What is worse than a site that allows short passwords and returns them in plaintext when you forget them? Apparently it is a site that doesn’t ever allow you to change the password.

Intel processors with remote management features have recently been found to have remote exploit flaws. This flaw, existing since 2010, is only accessible if Intel’s Active Management Technology is enabled, and the attacker is able to access port 16992 and 16993. This means that remote attacks over the internet should be fairly rare, but attacks on a local network, perhaps such as ublic wifi for a targeted attack, are possible.

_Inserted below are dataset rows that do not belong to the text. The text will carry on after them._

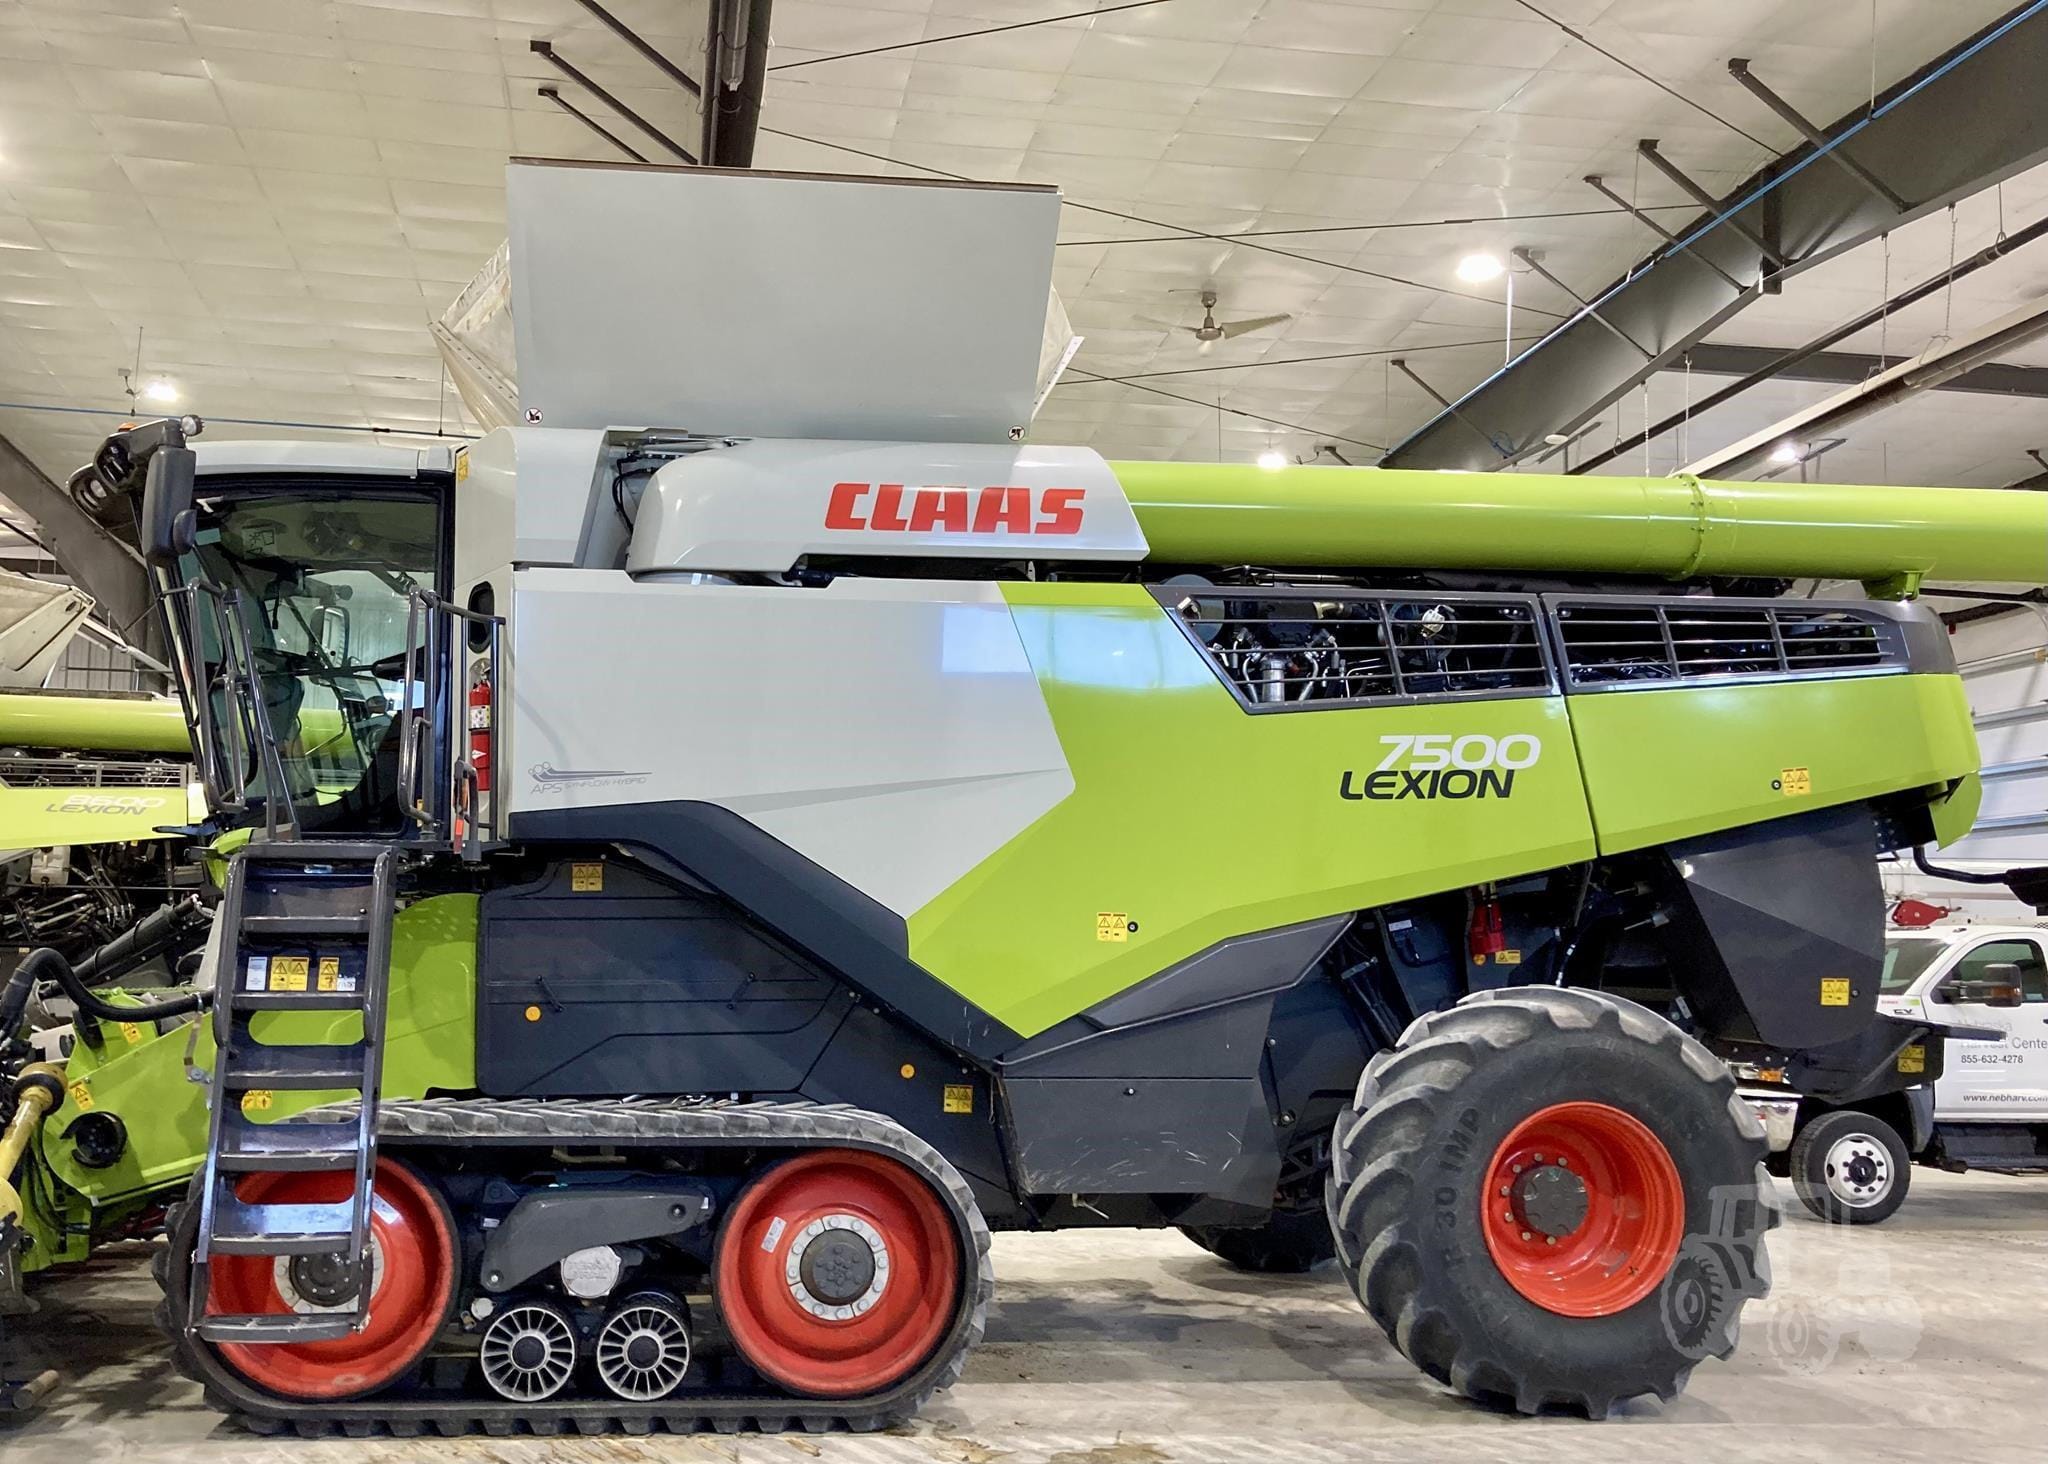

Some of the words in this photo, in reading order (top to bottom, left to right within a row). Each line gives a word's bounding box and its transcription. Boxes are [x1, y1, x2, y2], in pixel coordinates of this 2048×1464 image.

[825, 483, 1085, 535] CLAAS
[1376, 734, 1541, 771] 7500
[531, 782, 563, 794] APS
[1340, 769, 1515, 800] LEXION
[64, 794, 167, 808] 8600
[45, 803, 147, 815] LEXION
[1961, 1055, 2024, 1064] 855-632-4278

Another problem that has flown under the radar has been the existence of the Konni RAT, which Talos Intel discovered. Backtracking, they have unearthed 3 years of activity across 4 campaigns, and document the evolution.

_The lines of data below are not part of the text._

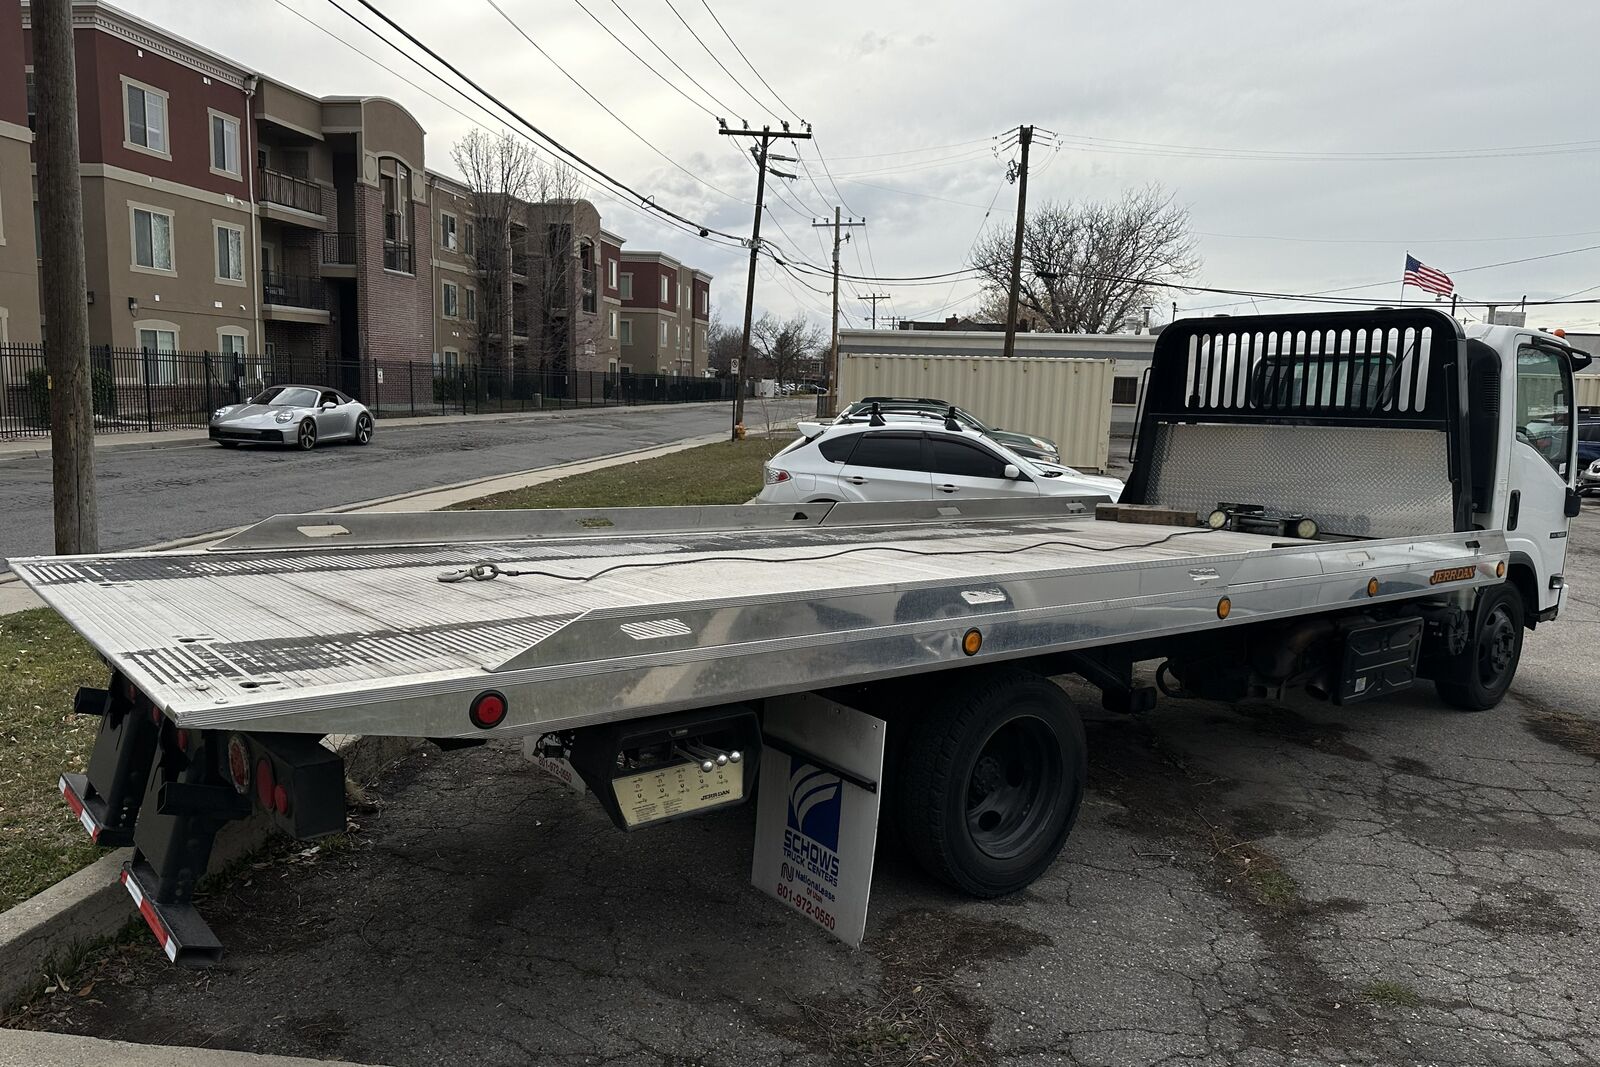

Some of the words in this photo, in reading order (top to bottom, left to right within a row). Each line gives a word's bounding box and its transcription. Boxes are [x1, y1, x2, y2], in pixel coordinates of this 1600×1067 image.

[783, 829, 840, 877] SCHOWS
[783, 847, 805, 868] TRUCK
[807, 862, 838, 887] CENTERS
[777, 883, 836, 930] 801-972-0550
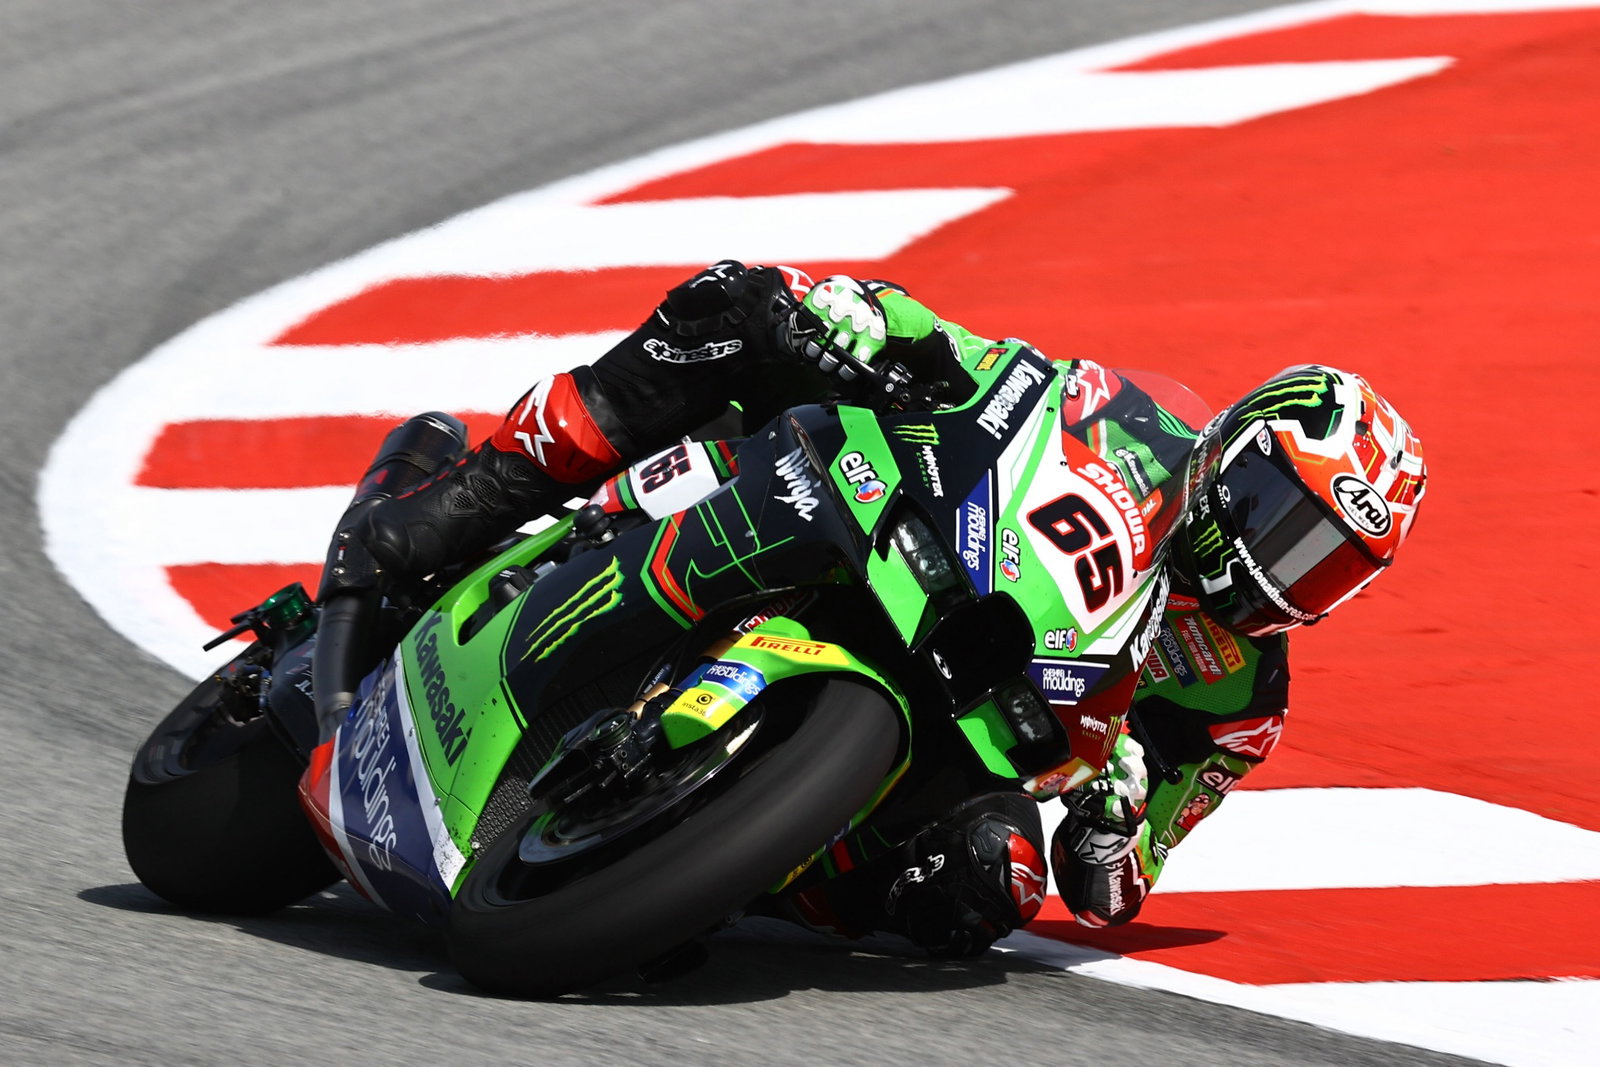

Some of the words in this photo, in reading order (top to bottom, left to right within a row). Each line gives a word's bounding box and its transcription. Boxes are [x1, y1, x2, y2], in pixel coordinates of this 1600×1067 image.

[643, 338, 742, 363] alpinestars
[976, 359, 1046, 440] Kawasaki
[774, 446, 820, 521] Ninja
[840, 452, 876, 484] elf
[922, 445, 944, 498] MONSTER
[1077, 463, 1146, 556] SHOWA
[1334, 486, 1389, 529] Arai
[963, 502, 986, 571] mouldings
[1002, 528, 1020, 563] elf
[1026, 492, 1124, 613] 65
[750, 636, 826, 656] PIRELLI
[1044, 628, 1066, 649] elf
[414, 606, 473, 768] Kawasaki
[1042, 669, 1085, 698] mouldings

MalwareBytes provides details on the OSX.Dok malware, a sophisticated attack that installs the means to monitor and intercept all HTTP AND HTTPS traffic on a victim’s computer. This allows an attacker to potentially harvest credentials that a user over a connection they otherwise feel is secure. Apple has already revoked the signing certificate the malware author used to sign his app, meaning that the casual user will not be able to install. However, MalwareBytes has found a second strain that installs a different backdoor, but looks to be from the same author.

Arbor Networks does a deep dive into the Ismdoor RAT, which communicates to its C&C using DNS AAAA (IPv6) queries and responses to hide its activity.

Verizon’s 2017 Data Breach Report has been released (now celebrating its 10th year!). Unsurprisingly, Ransomware accounted for a large number of incidents and continues to be trending upwards. Financial institutes are still the most popular target, but targets like healthcare and education are seeing an uptick of attacks.

BleepingComputer rounds things out with an unfortunately busy week in Ransomware, including a big update for Cerber which includes a new encryption process and anti-VM/sandboxing features.

Security Roundup - 2017-04-27

News of DoublePulsar has been making the rounds, with some claims of several 100K systems impacted. Now, it appears as if the exploit is remotely removable, allowing for perhaps a Robin Hood botnet to scrub the internet while the infected systems are upgraded.

Despite the things Google does to prevent malicious apps in the Play Store, things still get listed. CheckPoint has pointed out a new BotNet they dub FalseGuide, which currently involves 40 known apps and may have been installed on over half a million devices.

Leaked passwords appear to be behind a rash of Amazon 3rd Party reseller account takeovers. The attackers take over an amazon account, update payment information, and then try to get buyers to buy goods that will never be shipped.

Microsoft recently stopped supporting Windows 7 and 8 on older hardware architectures, despite offering long term support. One user in particular was annoyed by this and reverse engineered the latest patches to allow the updates to be applied anyway.

LastPass has been under a lot of security scrutiny lately. The latest was a flaw in their 2FA implementation which would have allowed a user to potentially bypass 2FA altogether. The security researcher who found the flaw has posted a full technical breakdown.

Running an IoT company? Concerned about Security? Hackaday has you covered, taking a year’s worth of information and writing up the things you need to know if you want to avoid IoT security failures.

Cloudflare reports the continued decline of old cipher suites with both AES-CBC and RSA on the decline in favor of the faster and more secure ECDSA.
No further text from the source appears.